Le changement a vraiment commencé avec l’arrivée d’un enseignant do, certes d’une solide personnalité, mais
surtout du désir de partager l’expérience d’une pédagogie active acquise dans un collège connu pour sa pratique du
tiers-temps
1
. Il nous a fait des propositions pour répondre au besoin de déstabiliser les gamins, de les confronter à
des situations où leurs réflexes de groupe ne suffiraient visiblement plus. Ces situations résistantes à l’interprétation
selon leur vision préalable du monde et des relations humaines, conduisent nécessairement à s’ouvrir et à explorer
de nouvelles solidarités.
« C’est ainsi, se souvient encore Georges, qu’on est partis pour une sortie géologique de trois jours près de Maillé
sans savoir où dormir et avec l’obligation de devoir se débrouiller pour acheter à manger (rassurons les âmes
sensibles : il y avait quand même des solutions de repli autour d’un collège au cas où…) ». On a proposé de la
plongée, de l’équitation, des sorties à l’opéra ponctuées par la rencontre de professionnels, on a monté des
spectacles, des expositions à la médiathèque
Pour que ça change, il faut des personnes qui ne soient pas passées dans le moule, il faut PARLER et être à l’écoute,
chercher sans juger, en sachant qu’on ne sera pas jugés.

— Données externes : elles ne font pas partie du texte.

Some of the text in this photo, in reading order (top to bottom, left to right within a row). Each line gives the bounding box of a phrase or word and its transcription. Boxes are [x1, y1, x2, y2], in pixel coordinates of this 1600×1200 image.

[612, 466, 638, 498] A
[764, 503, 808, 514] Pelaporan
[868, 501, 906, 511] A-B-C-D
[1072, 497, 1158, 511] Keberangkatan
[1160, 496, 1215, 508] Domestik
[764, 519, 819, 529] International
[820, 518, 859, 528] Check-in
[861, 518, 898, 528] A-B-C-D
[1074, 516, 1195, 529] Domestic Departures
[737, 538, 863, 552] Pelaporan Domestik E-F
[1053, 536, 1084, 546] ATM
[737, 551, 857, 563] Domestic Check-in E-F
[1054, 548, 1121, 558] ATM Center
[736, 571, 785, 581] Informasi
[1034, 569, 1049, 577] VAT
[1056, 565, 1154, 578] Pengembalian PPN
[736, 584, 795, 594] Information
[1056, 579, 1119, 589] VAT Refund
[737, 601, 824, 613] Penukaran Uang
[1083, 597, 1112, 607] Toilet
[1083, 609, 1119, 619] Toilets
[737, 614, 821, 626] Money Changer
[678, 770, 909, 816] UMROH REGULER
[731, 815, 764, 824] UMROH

« Lorsque je suis arrivée, en 1998, témoigne Dominique, j’avais déjà une vingtaine d’années d’enseignement et je me
croyais vaccinée par mon expérience en lycée professionnel dans la région parisienne. Pourtant je me suis retrouvée
dans une situation inédite. Virgile se livrait à de la gravure sur classeur. Passant derrière lui, je lui pose les mains sur
les épaules et lui demande d’arrêter. Il se lève brusquement, se retourne : « Tu vas voir ta gueule ! ». Le coup est
parti, il a reçu la pire gifle que j’aie donnée. Dès la récréation, j’en ai parlé au Principal, avec les collègues, le
professeur principal. Seule, je serais restée prisonnière de l’engrenage des difficultés, celles des apprentissages et
celles de l’enseignement. »
Pour que ça change, il faut aussi accepter ses faiblesses et voir dans les autres, tous les autres, des médiateurs
solidaires.
Travailler ensemble pour avancer
Quand on peut ainsi exprimer ses faiblesses, ses besoins, ses questions, on est dans de bonnes conditions pour
prendre du recul. Ainsi se libère un espace pour le désir de progresser, on peut vivre avec enthousiasme les
difficultés, comme « des défis qui nous font progresser », explorer des voies nouvelles, vivre en formation
permanente.
[…]
« Quand c’est quelque chose qu’on a travaillé, on est vraiment motivés, ça nous fait avancer et on est vraiment
intéressés à ce que cela réussisse, par exemple j’ai été passionnée par Ambition de réussir, précise Claude ». Il
s’agissait de proposer à des élèves volontaires de 3ème une option détachée des disciplines, encadrée par un groupe
de professeurs, dans le but de travailler sur des démarches plus que sur les savoirs et les notions. En effet, les
enseignants proposaient des sujets eux-mêmes n’étaient pas en position d’expertise pour que les élèves vivent,
collectivement, les démarches d’investigation, de tenue d’un journal de recherche, de débat, d’exposition orale.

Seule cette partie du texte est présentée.